Et pour ce qui est de la mise en scène, en particulier depuis Barbe Bleue, vos partis pris visuels sont de plus en plus affirmés et convaincants, plus que dans beaucoup de films français contemporains…
On compense cette absence de dialogue par des idées de réalisation. C’est toujours ce que j’essaie de faire quand je mets en scène. Là, je suis en train de terminer le tournage d’une comédie musicale, où on essaie de développer des idées graphiques fortes, ne pas se contenter de faire un master, un champ, un contrechamp, comme c’est souvent le cas.
Pour pallier ce mutisme on essaie d’insuffler une poésie… Enfin, j’aime pas trop ce mot, tout le monde parle de poésie et d’onirisme aujourd’hui, on voit ça de partout… Mais c’est vrai que dans Barbe Bleue, il y avait cette idée de plans qui demandent beaucoup de travail.

Et votre usage systématique du système D stimule aussi l’imagination…
C’est notre deuxième élément clé.
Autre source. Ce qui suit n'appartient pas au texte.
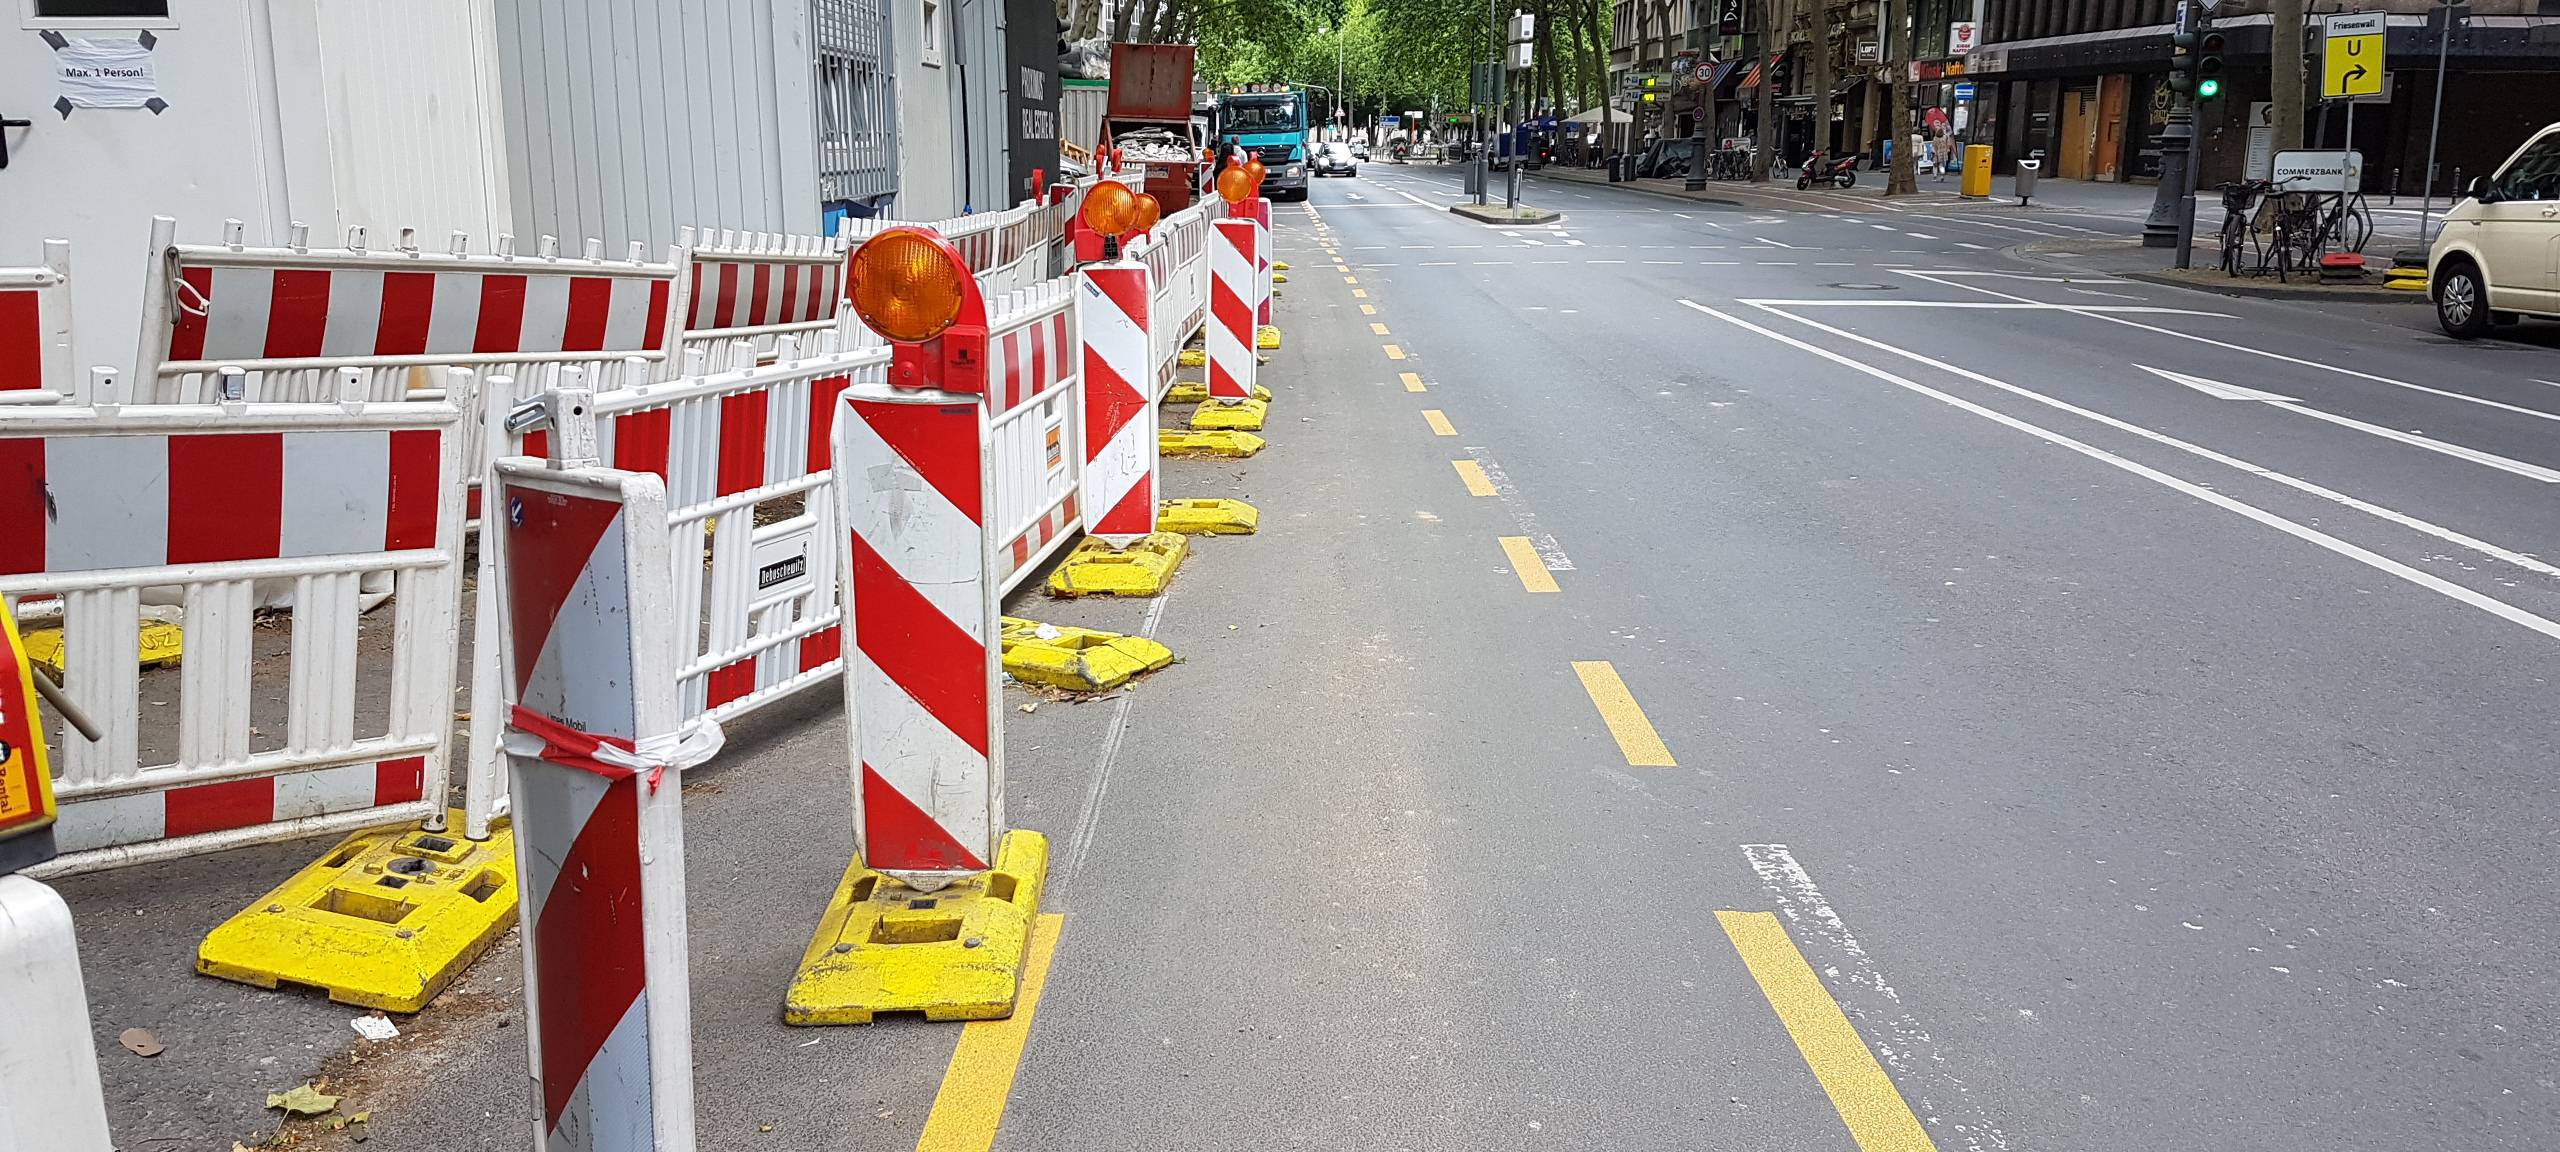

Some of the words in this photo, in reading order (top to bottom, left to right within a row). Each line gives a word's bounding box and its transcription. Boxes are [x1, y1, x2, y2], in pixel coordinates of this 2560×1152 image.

[2333, 19, 2375, 30] Friesenwall
[2347, 40, 2361, 56] U
[65, 68, 92, 77] Max.
[95, 68, 101, 77] 1
[103, 67, 144, 77] Person!
[1699, 68, 1711, 78] 30
[1022, 108, 1034, 139] REAL
[1034, 109, 1048, 139] ESTATE
[1048, 111, 1054, 139] AG
[2277, 168, 2343, 176] COMMERZBANK
Le manque de moyens n’a jamais été un problème, c’est effectivement quelque chose qui te pousse à te dépasser, à réfléchir en permanence à la meilleure façon de concrétiser ta vision.
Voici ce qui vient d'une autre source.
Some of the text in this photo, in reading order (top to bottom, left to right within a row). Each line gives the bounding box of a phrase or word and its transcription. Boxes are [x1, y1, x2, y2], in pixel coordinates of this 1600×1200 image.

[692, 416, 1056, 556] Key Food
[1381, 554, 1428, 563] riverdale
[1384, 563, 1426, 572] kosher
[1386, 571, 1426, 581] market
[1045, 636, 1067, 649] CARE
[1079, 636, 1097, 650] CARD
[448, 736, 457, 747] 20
Vous tournez tous les films de vos créations en 16 mm… Pourquoi ce format ?
Déjà parce que c’est très beau. On aurait pu tourner en HD ou en HDV, mais l’image aurait été moins bonne. La deuxième raison, c’est que les tournages sont assez éprouvants, c’est trois semaines dans des conditions financières et logistiques précaires, là en plus on avait tourné en février, en plein froid… Mais le fait de tourner en pellicule motive tout le monde, ça nous soude. Même si c’est un format qui est amené à disparaître – même s’il disparaît beaucoup moins vite que prévu -, on ne s’est jamais posé la question de tourner sur un autre support. Par contre, sur scène, c’est de la vidéoprojection, histoire de se permettre des retouches numériques, des effets spéciaux, et puis c’est très dur de trouver un projecteur 16 mm fiable.

Qu’est-ce qui a changé dans votre approche de la création par rapport à Barbe Bleue ?
Je dirais que c’est beaucoup plus “simple“. On est dans une musique de western, plus carrée, plus dictée par les codes du western spaghetti, dans la compo musicale comme dans la mise en scène du film. On a plus de dialogue, une histoire d’amour…

On vous sent plus en déférence vis-à-vis du genre abordé…
Ça nous a grandement inspiré, mais ça ne nous a pas empêché d’y greffer de l’humour, notamment lors de l’arrivée des voleurs sur leurs mobylettes. D’ailleurs c’est assez marrant de voir les différentes réactions, les adultes se marrent, pensent à Easy Rider, mais les enfants ont peur de cette scène. J’aime bien du coup avoir des salles mixtes, avec tous les âges, pour constater de visu les différents degrés de lecture.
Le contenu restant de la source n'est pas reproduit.